Leadership Retreat includes immersion experience at The Chapel


On Tuesday afternoon, May 6, Bishop James King of the South Georgia Conference hosted the Spring Learning Retreat group – a gathering of residential bishops of The United Methodist Church and secretaries of the general agencies – on an immersion experience to The Chapel in Brunswick, Ga. to learn about how the conference is using innovative adaptive leadership to revitalize congregations and plant new churches.

Dr. Tim Bagwell, executive director of New and Revitalized Congregational Development, shared helpful information about some of their experiences, successes and struggles. The group heard stories from pastors at three of 48 new and revitalized congregations. Of the average Sunday worship attendance at South Georgia churches, 16.8% are part of these 48 congregations.

Dr. Drew Young of New Covenant United Methodist Church told the story of how they buried one church and birthed another at the former Epworth UMC. Volunteers from other churches helped with repurposing the building. They started with a two-pronged approach that included invigorating worship and teaching the Bible in real and relevant ways.

Dr. Young said increasing “foot traffic” was one of the strategies they used to increase attendance. “If you can get people moving through the church, some of them will stick,” he said. They revamped unused classrooms and leased them for art studios; they started a preschool. They came up with innovative ways to reach the community, from giving away free ice cream cones at the Dairy Queen to free prom attire to live jazz and poetry.

“What once was a dying flagship church is now on its way out to sea finding new disciples,” said Young.

Revs. Matt Hearn and Andy Laymon told the story of a church that birthed another church three years after it started. Gateway Community Church in Pooler, Ga. is a church “for the beat-up, broken and bored in church.” No matter your past, come here to be loved, they say.

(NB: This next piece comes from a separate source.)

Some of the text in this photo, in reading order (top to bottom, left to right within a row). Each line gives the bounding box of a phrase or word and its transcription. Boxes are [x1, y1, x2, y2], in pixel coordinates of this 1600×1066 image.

Gateway’s approach to planting new churches is to plant sister churches that have Gateway’s DNA but are unique to their own communities. The pastors are initially appointed to Gateway, and while they are there, they gather a launch team who serve in their ministries to learn how it is done. Gateway Community Church in Effingham is a successful church plant with a focus on ministry to the poor.

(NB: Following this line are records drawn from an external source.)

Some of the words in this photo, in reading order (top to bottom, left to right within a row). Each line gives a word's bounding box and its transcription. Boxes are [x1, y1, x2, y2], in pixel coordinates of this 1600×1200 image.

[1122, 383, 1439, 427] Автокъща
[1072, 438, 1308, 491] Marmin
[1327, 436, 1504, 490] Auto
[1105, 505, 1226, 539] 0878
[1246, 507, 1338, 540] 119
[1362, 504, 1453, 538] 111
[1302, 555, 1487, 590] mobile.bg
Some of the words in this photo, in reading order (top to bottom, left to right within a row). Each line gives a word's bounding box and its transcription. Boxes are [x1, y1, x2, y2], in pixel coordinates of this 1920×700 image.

Kevin Veitinger of The Foundery says that some people would never darken the door of a church, even one like Gateway. Veitinger, who once worked for Starbucks, drew on that experience and connected it with his Methodist roots to plant a different kind of church.

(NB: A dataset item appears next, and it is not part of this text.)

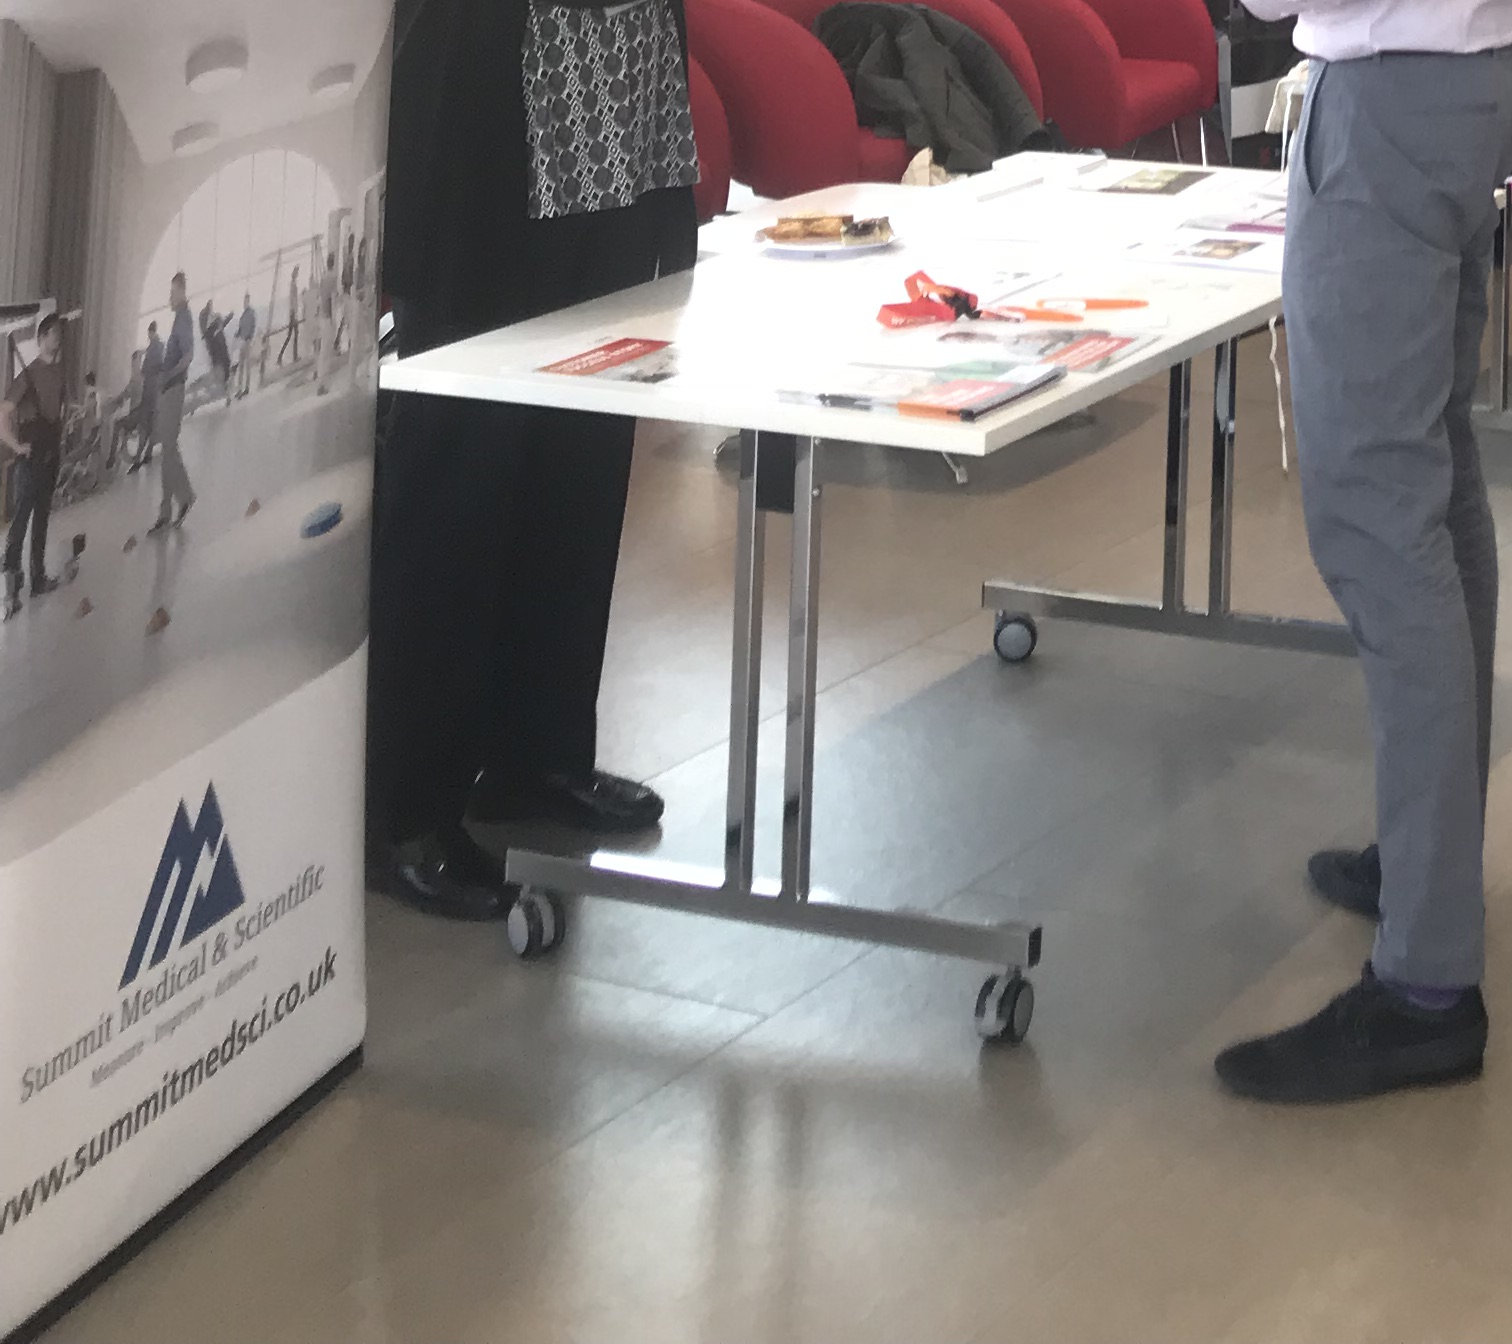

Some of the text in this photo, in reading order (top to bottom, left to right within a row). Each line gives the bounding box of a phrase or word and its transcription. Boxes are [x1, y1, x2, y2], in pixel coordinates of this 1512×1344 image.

[19, 862, 326, 1105] Summit Medical & Scientific

The Foundery has four parts: the church, a coffee shop, a conservatory that allows artists to show their work at no cost, and a ministry that develops community by providing free spaces for groups. Their building ends up being used for many hours of the day, and the coffee sold helps pay for the ministry.

Dr. Bagwell said that what great leaders do is to empower other leaders, and that is the focus of The Chapel in Brunswick, Ga., a place where significant adaptive leadership is at work.

Senior Pastor Rev. Jay Hanson is clear on God’s purpose for his life: “to seek God, share what he shows me, and serve where he sends me.” He believes that churches will have problems, but the answer to problems is the right leadership. He believes that there are leaders perfectly suited for particular challenges, but no leader is right for every challenge – so you need lots of leaders.

After sharing his philosophy of leadership development, the group had an opportunity to meet and hear from other church leaders at The Chapel about how they work to develop leaders from as early as fourth grade and about how the church offers leadership development opportunities at different levels, including helping parents to be spiritual leaders at home.

Anne Bosarge, The Chapel’s director of discipleship, shared about the church’s children’s ministry and their development of student leaders, and Drew Thompson, The Chapel’s executive pastor, spoke about the church’s philosophy of membership.

Pastors Rev. Carl Barnhardt, pastor of The Pointe in Albany, and Rev. Dorsia Atkinson, pastor of LifeSpring UMC in Statesboro, spoke to the group about the climate and culture of collaboration that has developed among pastors and Rev. Hanson’s encouragement and cultivation of leaders.